### WORK REQUEST
All of the data below should be printed again exactly, pictures excluded.

### DATA SECTION
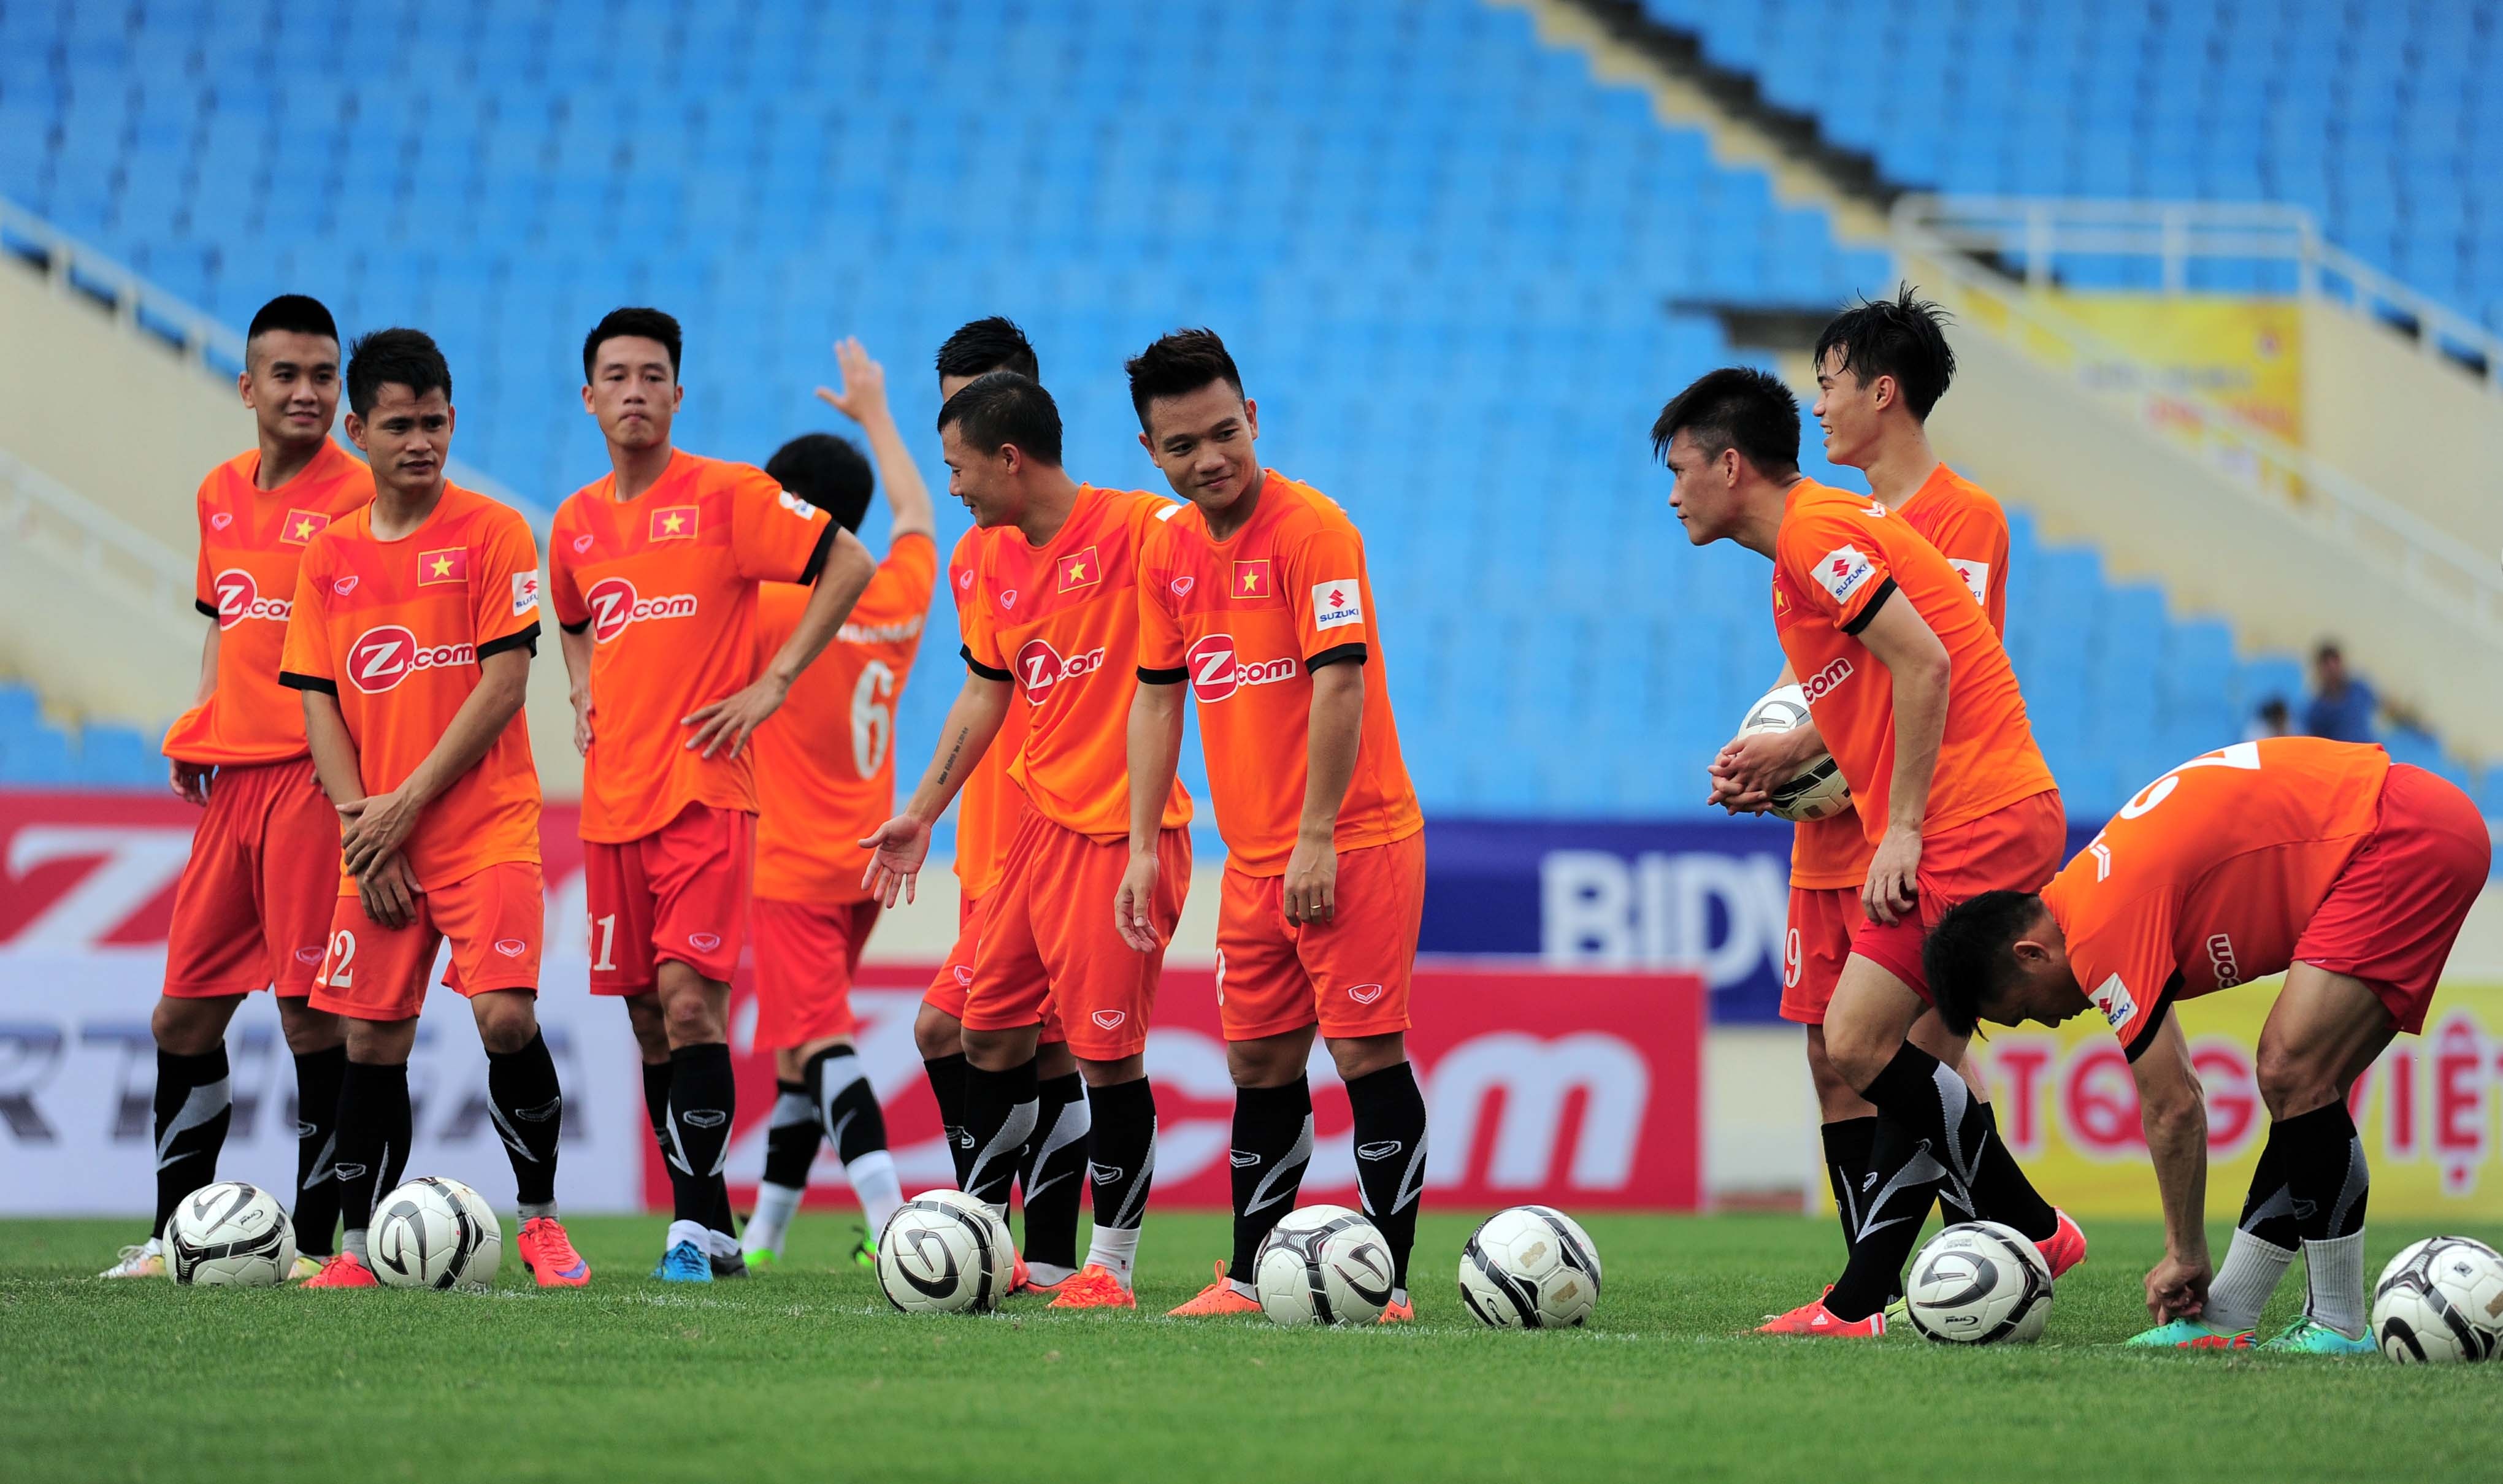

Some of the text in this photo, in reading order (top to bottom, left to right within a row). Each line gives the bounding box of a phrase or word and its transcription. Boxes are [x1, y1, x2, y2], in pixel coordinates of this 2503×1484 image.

[216, 581, 293, 619] Z.co
[1835, 564, 1868, 596] SUZUKI
[591, 589, 696, 632] Z.com
[1319, 608, 1359, 622] SUZUKI
[358, 638, 474, 683] Z.com
[1192, 647, 1294, 688] Zcom
[1802, 659, 1852, 703] com
[851, 659, 894, 779] 6
[588, 912, 616, 971] 1
[1784, 927, 1801, 989] 9
[1965, 1045, 2257, 1154] TQG

### ANSWER TO THIS PROBLEM
Some of the text in this photo, in reading order (top to bottom, left to right within a row). Each line gives the bounding box of a phrase or word and its transcription. Boxes are [x1, y1, x2, y2], in pixel coordinates of this 2503×1484 image.

[216, 581, 293, 619] Z.co
[1835, 564, 1868, 596] SUZUKI
[591, 589, 696, 632] Z.com
[1319, 608, 1359, 622] SUZUKI
[358, 638, 474, 683] Z.com
[1192, 647, 1294, 688] Zcom
[1802, 659, 1852, 703] com
[851, 659, 894, 779] 6
[588, 912, 616, 971] 1
[1784, 927, 1801, 989] 9
[1965, 1045, 2257, 1154] TQG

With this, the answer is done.